Manning has thrown 268 fastballs at the major league level, and exactly two have left the yard. There are three barrels total off the fastball, and that’s after having thrown three full—by current standards—starts worth of heaters. This despite the fact that he had nothing else really working until the slider came on the scene a few weeks ago. He’s thrown 61.5 percent fastballs overall. The rate was higher in some of his earlier starts, and yet, despite everyone in the park knowing a fastball was coming most of the time, only two men have managed to lift one over the walls.

Those names are Jose Ramirez, of course, and Austin Hedges. The point being, teams can square Manning’s fastball up like anyone else—see the Chicago White Sox back on July 4th—particularly when he’s behind and when location is poor, but they usually hit ground balls and line drives. Small sample overall, but that’s a pretty good sign, and as mentioned, this isn’t the hardest throwing version of Matt Manning we’ve seen. He’s still got some physical projection left.

Watch this clip from spring training back in March 2020. Look at Manning’s size and delivery. The fact that he leans in and is sitting 95-97 as the inning progresses. Remember that he touched 100 mph in spring camp last year.

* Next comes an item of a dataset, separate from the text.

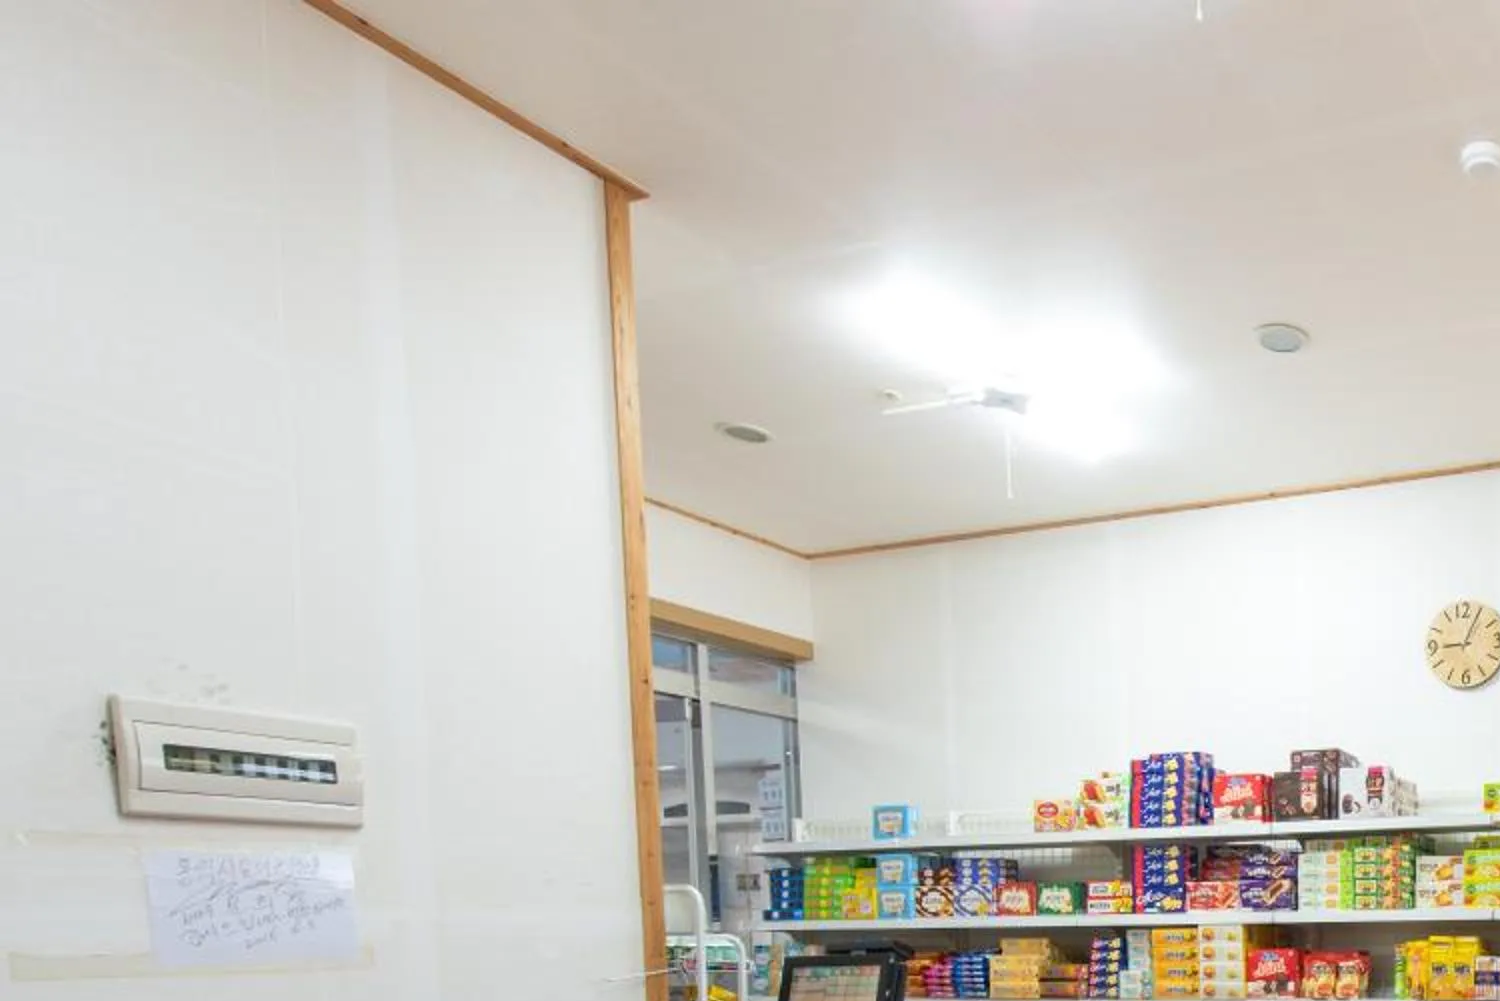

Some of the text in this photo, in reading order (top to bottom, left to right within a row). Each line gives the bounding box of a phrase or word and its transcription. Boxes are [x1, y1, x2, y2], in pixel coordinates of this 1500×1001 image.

[1455, 601, 1470, 619] 12
[1427, 639, 1439, 656] 9
[1461, 669, 1471, 685] 6

That looks like a slightly bigger, more muscular version of our current Matt Manning. And according to him, he’s still working to regain the 15 pounds he lost to a nasty bout with COVID-19. We probably aren’t seeing Manning in his physical prime just yet. So far he’s averaged 93.2 mph on the fastball, but it’s pretty easy to see that number popping substantially higher in the years to come. He’s going to add muscle back, and there’s every reason to believe he’ll be sitting 95 mph and reaching back for near triple digits when he wants it. That may take an offseason to rebuild, but it’s in there. All in good time.

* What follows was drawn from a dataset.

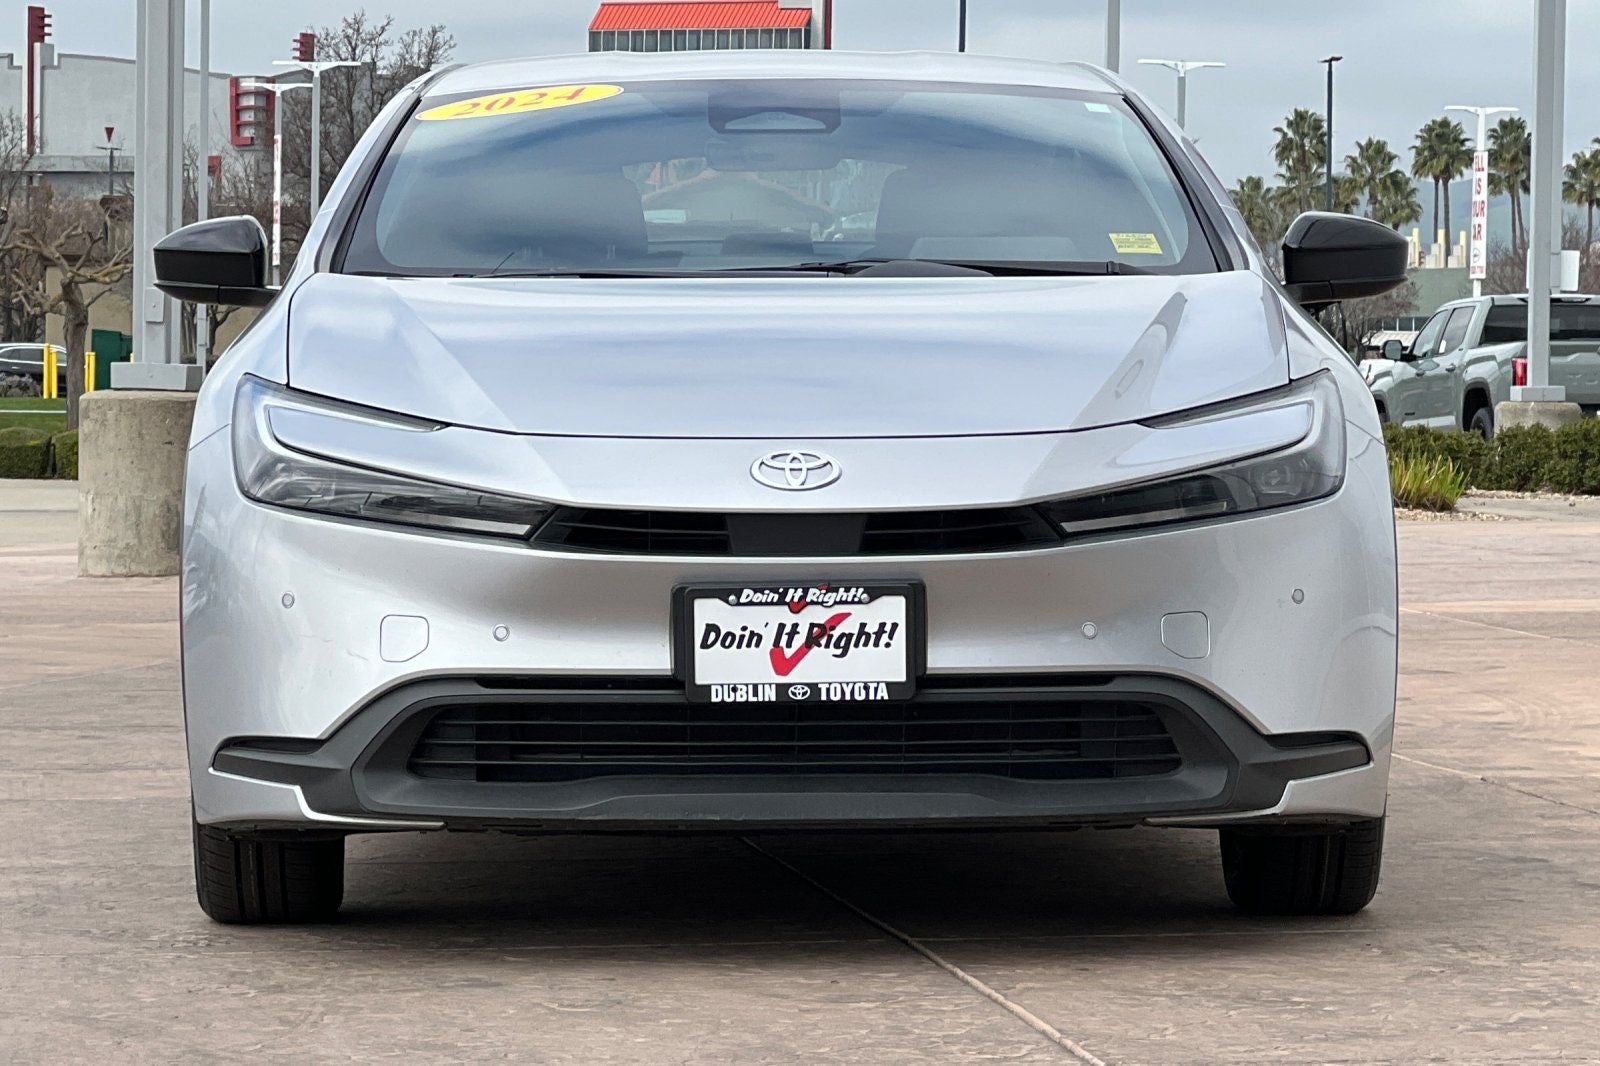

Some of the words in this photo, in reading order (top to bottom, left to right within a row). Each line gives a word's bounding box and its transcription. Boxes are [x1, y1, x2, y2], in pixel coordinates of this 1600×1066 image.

For now, he appears to have some of the fastball traits of a Spencer Turnbull—hard to lift, though with fewer whiffs that high spin fourseam pitchers—but potentially with better command and even more velocity to boot. Turnbull’s tailing twoseamer is the show pitch, but it’s his relatively straight, seam-shifted wake fourseamer that does most of the heavy lifting. We’ve seen how effective that can be when paired with a good slider, and thanks to the rapid development of that pitch by Manning and pitching coach Chris Fetter, he now has that weapon in his bag. It needs plenty of sharpening in terms of command, of course, but the good sliders we’ve seen are plenty good enough to bag a lot of whiffs.

Conclusions

From a scouting perspective, it’s easy to look at Manning and see a pitcher whose stock was in decline this spring. He’s 23 now, he’s got five years of pro ball under his belt, and at that point you’d like to see results. Instead his velo is down a little and the secondary pitches have been hammered quite a bit this year to date. He’s not getting the same strikeout numbers he did at the Double-A level either. But real life doesn’t take those standards into account.

Manning is still a year younger than Mize and Skubal. He lost basically all of the 2020 season, was shut down with a mild forearm injury, and his physical development was set back by the illness on top of it. There is more projection left here than either Manning’s age or experience level might suggest. We’re still quite convinced that there’s much better to come. The hurdle of developing an effective slider has finally been partially cleared, and that is a major developmental step for the big righthander. If he can refine command of the slider-changeup combination, he could be everything the Tigers hoped. And if it takes another season to get there, so be it.